An engaging recounting of a Hewlett-Packard employee’s year-plus stint in Japan. Paine is a Californian who had lived in England, toured in Europe, and saw herself as a “Sophisticated World Traveler.” Lured to Japan a decade ago by Hewlett-Packard’s offer of a “suitcase stuffed with money” to serve as a technical writer on a special project, she realized immediately that she would not blend into this crowd as she had in England. Dubious about the food, uncomfortable in crowds, inept with the language, and bored at work because her assignment was postponed, she felt she would always be a gaijin, an “outsider person,” to the Japanese.

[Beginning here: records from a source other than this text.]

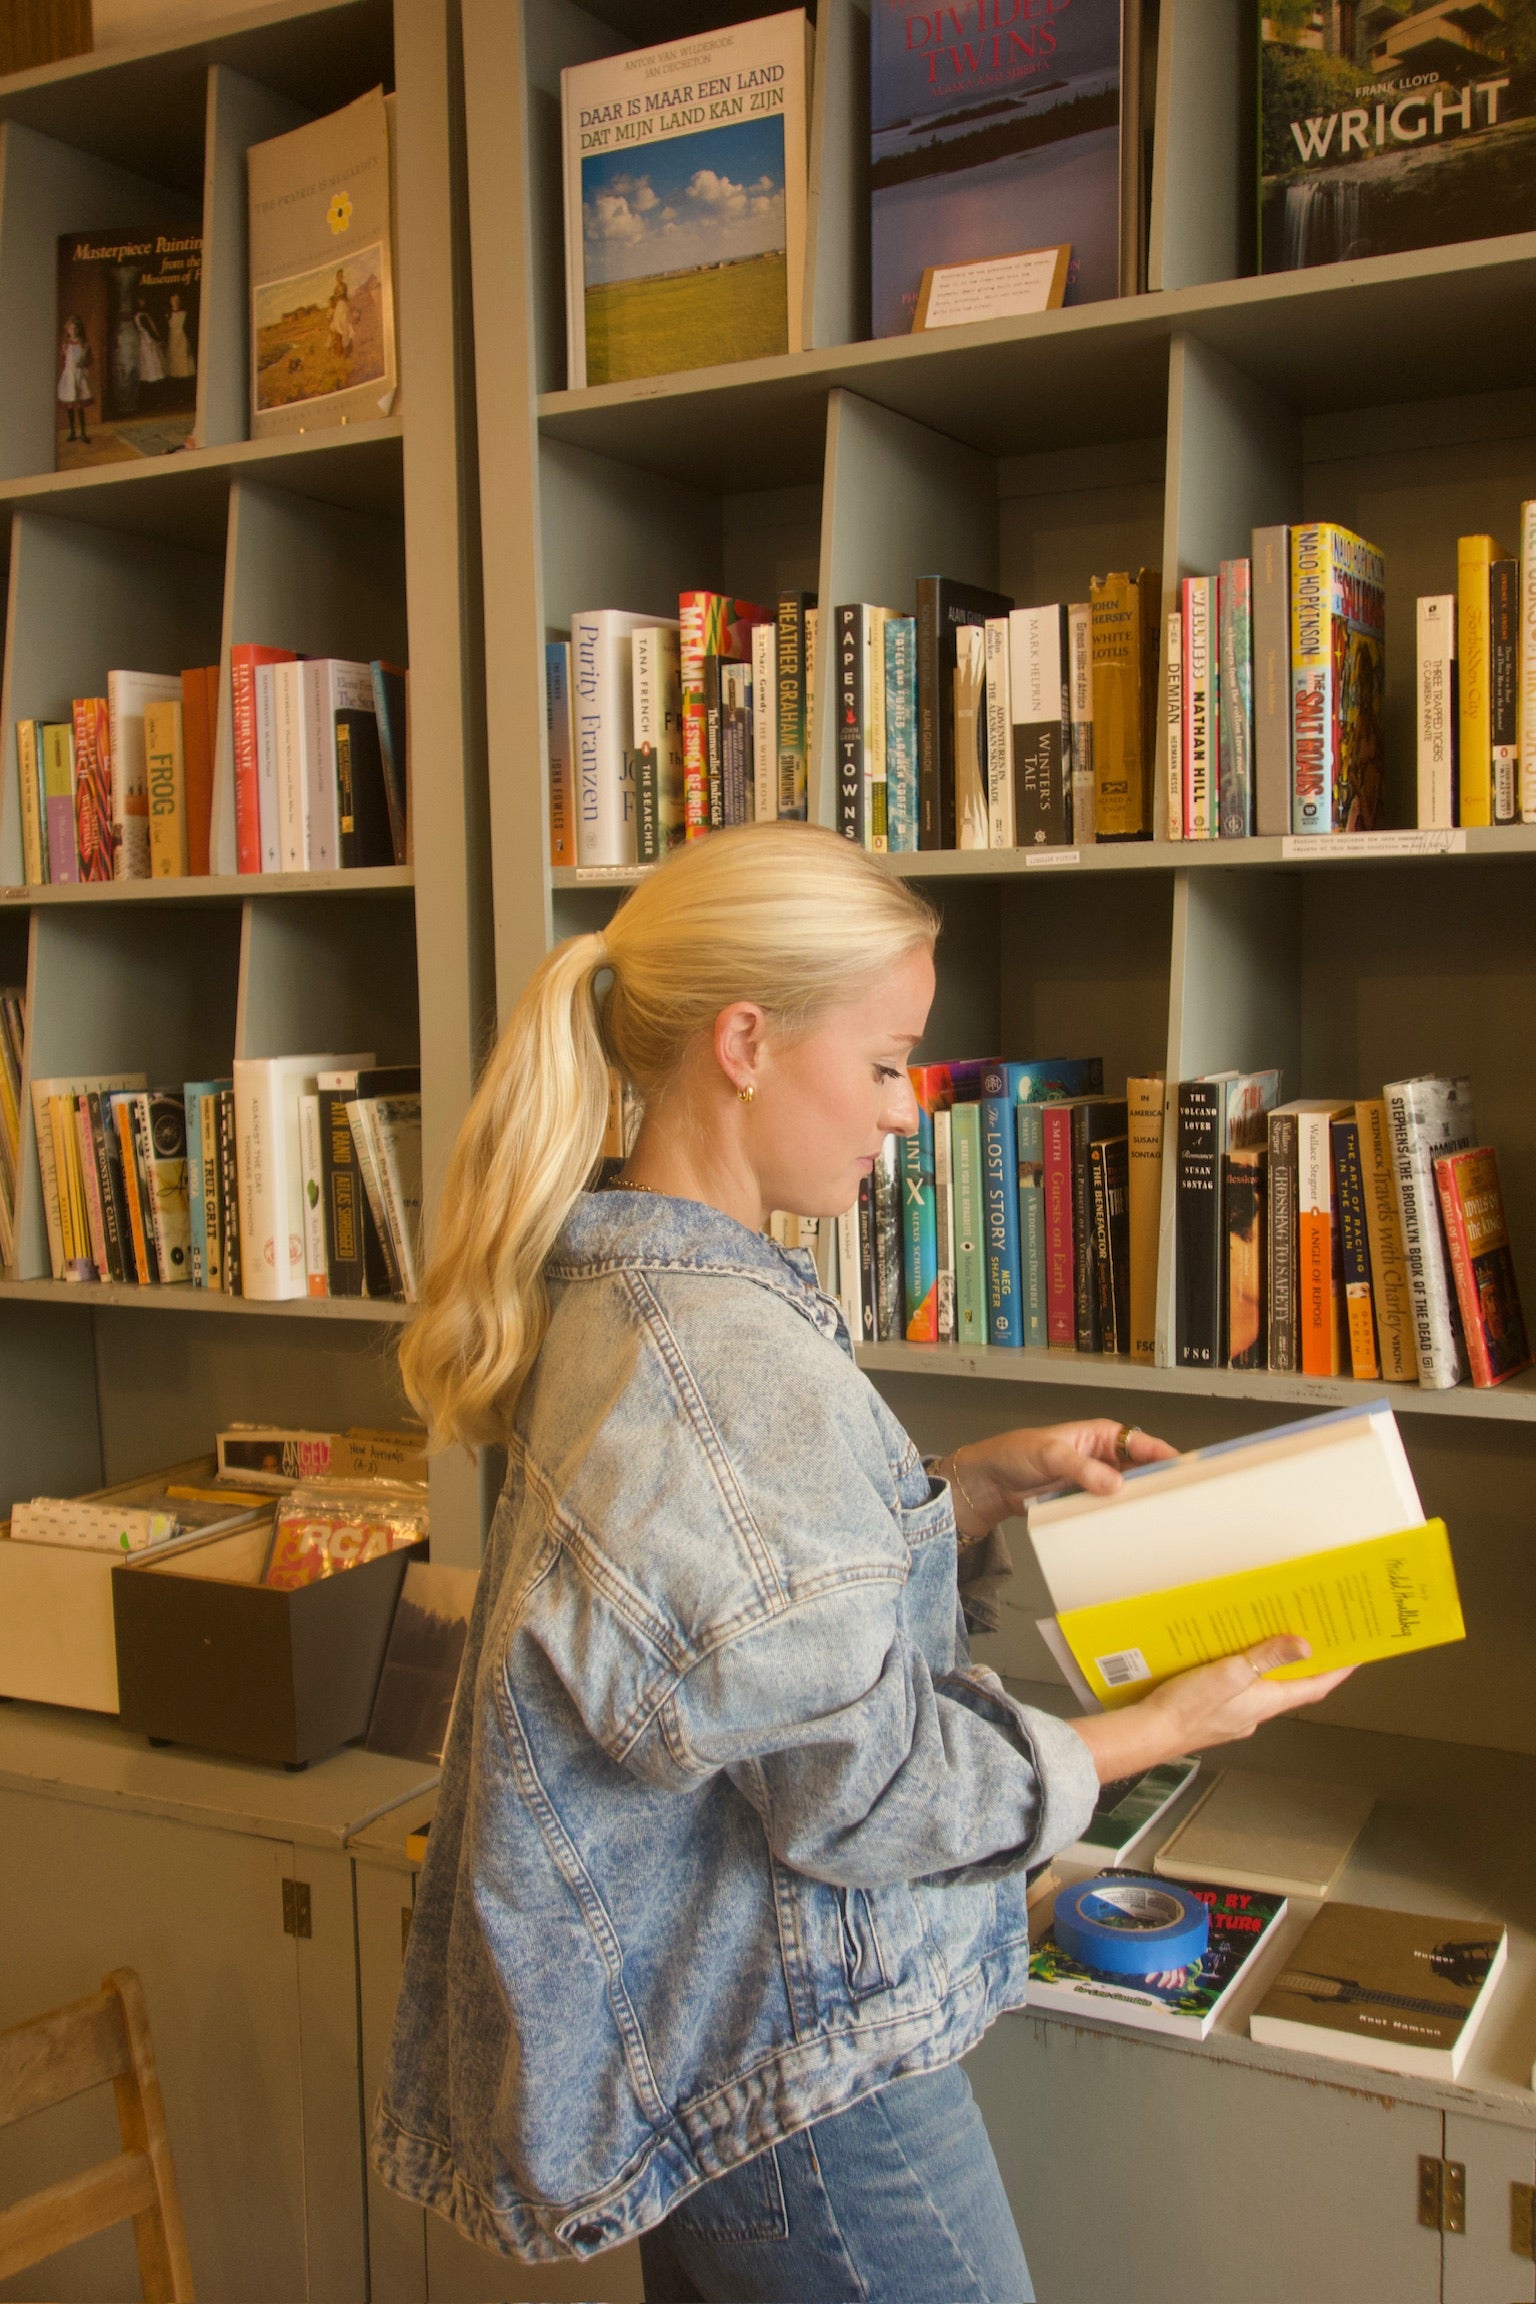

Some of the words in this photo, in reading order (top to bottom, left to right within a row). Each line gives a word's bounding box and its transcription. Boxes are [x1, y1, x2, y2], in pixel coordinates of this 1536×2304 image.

[919, 20, 1057, 83] TWINS
[580, 105, 623, 128] DAAR
[627, 99, 641, 116] IS
[645, 85, 694, 112] MAAR
[698, 77, 731, 99] EEN
[737, 64, 785, 90] LAND
[1355, 80, 1394, 97] FRANK
[1400, 72, 1439, 89] LLOYD
[581, 128, 610, 149] DAT
[615, 118, 653, 141] MIJN
[660, 106, 705, 131] LAND
[709, 96, 744, 120] KAN
[750, 87, 785, 112] ZIJN
[1290, 78, 1510, 162] WRIGHT
[72, 242, 152, 263] Masterpiece
[1299, 531, 1319, 570] NALO
[1191, 590, 1206, 679] WELLNESS
[1299, 575, 1320, 656] HOPKINSON
[639, 638, 648, 675] TANA
[679, 606, 704, 694] MAAME
[779, 601, 798, 674] HEATHER
[987, 625, 995, 659] Hawkes
[994, 630, 1002, 653] John
[1029, 618, 1039, 658] MARK
[1092, 631, 1133, 644] WHITE
[1092, 647, 1129, 659] LOTUS
[576, 625, 600, 702] Purity
[843, 611, 854, 706] PAPER
[1432, 659, 1443, 687] THREE
[240, 664, 249, 704] ELENA
[988, 682, 996, 701] THE
[1031, 663, 1041, 711] HELPRIN
[1167, 663, 1180, 724] DEMIAN
[1314, 673, 1325, 691] THE
[1423, 669, 1432, 706] CABRERA
[640, 682, 649, 733] FRENCH
[708, 708, 718, 724] The
[780, 679, 799, 747] GRAHAM
[1295, 690, 1325, 734] SALT
[1432, 690, 1443, 729] TRAPPED
[1463, 689, 1481, 719] City
[76, 706, 88, 779] ERDRICH
[241, 706, 252, 768] FERRANTE
[686, 713, 702, 768] JESSICA
[989, 704, 998, 746] ALASKAN
[997, 705, 1006, 768] ADVENTURES
[1192, 691, 1206, 760] NATHAN
[1424, 708, 1433, 741] INFANTE
[708, 725, 719, 774] Immoralist
[989, 750, 998, 772] SKIN
[1170, 735, 1178, 769] HERMANN
[1432, 731, 1444, 762] TIGERS
[150, 753, 175, 817] FROG
[551, 758, 562, 783] JOHN
[581, 714, 601, 821] Franzen
[643, 764, 651, 785] THE
[780, 754, 794, 806] SUMMONING
[998, 770, 1006, 781] IN
[1024, 754, 1037, 792] TALE
[1038, 732, 1051, 810] WINTER'S
[1170, 772, 1178, 794] HESSE
[1192, 767, 1206, 803] HILL
[1295, 739, 1325, 797] ROADS
[687, 774, 703, 825] GEORGE
[710, 778, 721, 805] André
[842, 743, 858, 839] TOWNS
[990, 773, 999, 805] TRADE
[552, 788, 564, 829] FOWLES
[643, 789, 653, 855] SEARCHER
[711, 806, 721, 825] Gide
[331, 1101, 349, 1126] AYN
[987, 1105, 999, 1128] The
[1180, 1107, 1217, 1117] VOLCANO
[1190, 1094, 1206, 1102] THE
[252, 1099, 260, 1144] AGAINST
[1052, 1119, 1062, 1161] SMITH
[1184, 1121, 1211, 1131] LOVER
[1272, 1120, 1282, 1155] Stegner
[1282, 1121, 1290, 1153] Wallace
[1369, 1109, 1384, 1169] STEINBECK
[1391, 1097, 1409, 1154] STEPHENS
[244, 1135, 252, 1179] THOMAS
[253, 1150, 261, 1168] THE
[332, 1130, 351, 1164] RAND
[987, 1132, 1002, 1181] LOST
[1310, 1123, 1320, 1162] Wallace
[1347, 1134, 1355, 1159] THE
[204, 1158, 215, 1197] TRUE
[379, 1158, 388, 1176] the
[1093, 1165, 1101, 1187] THE
[1184, 1166, 1211, 1175] SUSAN
[1308, 1164, 1319, 1200] Stegner
[1339, 1159, 1347, 1169] IN
[1349, 1165, 1358, 1191] ART
[1399, 1161, 1412, 1181] THE
[98, 1148, 110, 1202] MONSTER
[105, 1206, 117, 1242] CALLS
[254, 1173, 262, 1195] DAY
[336, 1175, 351, 1205] ATLAS
[383, 1178, 394, 1213] green
[1052, 1171, 1064, 1225] Guests
[1182, 1181, 1213, 1190] SONTAG
[1275, 1166, 1289, 1240] CROSSING
[1341, 1181, 1350, 1207] THE
[1375, 1171, 1394, 1221] Travels
[206, 1202, 217, 1240] GRIT
[246, 1185, 254, 1236] PYNCHON
[989, 1189, 1005, 1251] STORY
[1351, 1197, 1360, 1213] OF
[1401, 1185, 1420, 1244] BROOKLYN
[336, 1207, 354, 1256] SHRUGGED
[861, 1210, 869, 1241] James
[911, 1210, 920, 1242] ALEXIS
[1053, 1228, 1062, 1247] on
[1094, 1190, 1107, 1259] BENEFACTOR
[1343, 1215, 1353, 1250] RAIN
[862, 1243, 870, 1270] Sallis
[1275, 1244, 1289, 1257] TO
[1311, 1227, 1321, 1265] ANGLE
[1354, 1218, 1365, 1273] RACING
[1379, 1227, 1398, 1266] with
[1408, 1248, 1424, 1278] BOOK
[912, 1246, 921, 1297] SCHAITKIN
[991, 1256, 1001, 1308] SHAFFER
[1001, 1269, 1011, 1295] MEG
[1053, 1252, 1065, 1295] Earth
[1312, 1268, 1322, 1282] OF
[1413, 1281, 1425, 1296] OF
[1275, 1265, 1290, 1322] SAFETY
[1313, 1286, 1322, 1329] REPOSE
[1378, 1269, 1405, 1333] Charley
[1415, 1299, 1428, 1318] THE
[1352, 1313, 1361, 1353] STEIN
[1361, 1310, 1370, 1355] GARTH
[1418, 1322, 1432, 1351] DEAD
[1392, 1334, 1403, 1373] VIKING
[299, 1524, 390, 1563] RCA
[1224, 1893, 1252, 1909] BY
[1413, 1950, 1455, 1964] Hunger
[1359, 2014, 1387, 2026] Knut
[1393, 2021, 1441, 2036] Hamsun
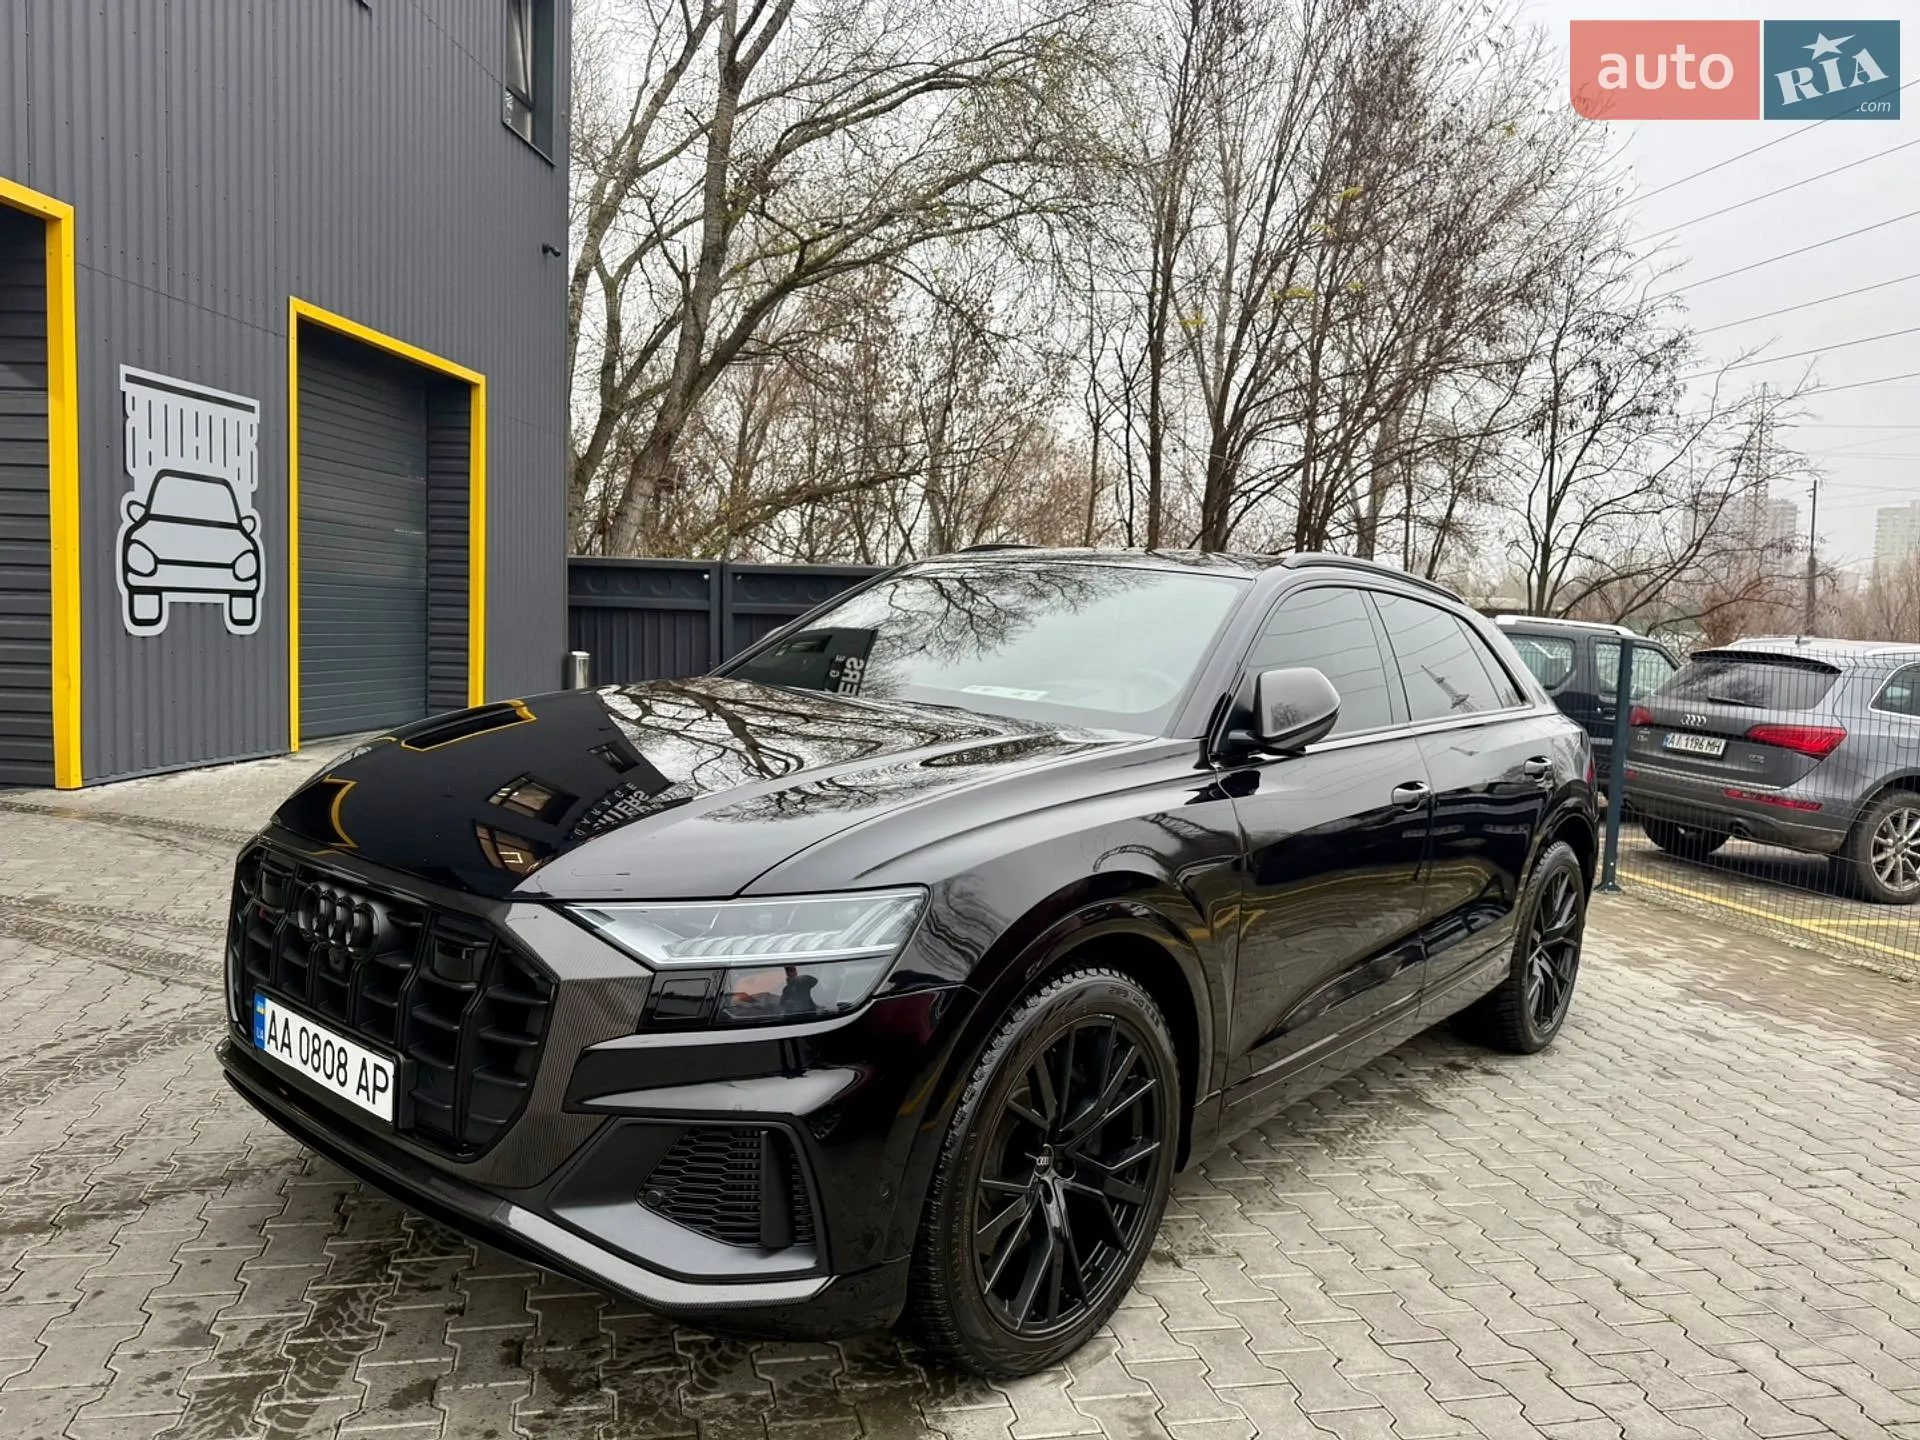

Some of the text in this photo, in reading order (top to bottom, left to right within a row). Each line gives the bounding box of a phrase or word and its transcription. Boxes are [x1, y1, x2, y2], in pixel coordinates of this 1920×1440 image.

[267, 1009, 390, 1106] AA 0808 AP

With her co-workers glued to their computer terminals on other aspects of the project, she tried to keep herself busy writing haiku on such subjects as cornflakes, attending meetings, and keeping up an e-mail correspondence. Both rebellious (she was late for work) and concerned about offending (she tried to curb her propensity to boast), she remained ambivalent about Japanese culture and frustrated by the complex language (there are more than a hundred ways to name seven objects). But her colleagues gently guided and befriended her, one wooing her away from the computer to dance under the falling petals of cherry blossoms. She also studied Japanese history to better understand the nation’s willingness to submerge individuality for the greater good and experienced a brief spiritual transcendence during a visit to a Shinto shrine. That was followed by an acute bout of self-consciousness about her body, large, pale, and awkward relative to the graceful people surrounding her. Finally back in California, where her suitcase full of money bought her dental caps, contact lenses, and a house, she thought often with gratitude of her sensitive and solicitous Japanese friends. Amusing, sometimes touching account of how Japan’s formal and conventional culture beguiled a spontaneous and independent American.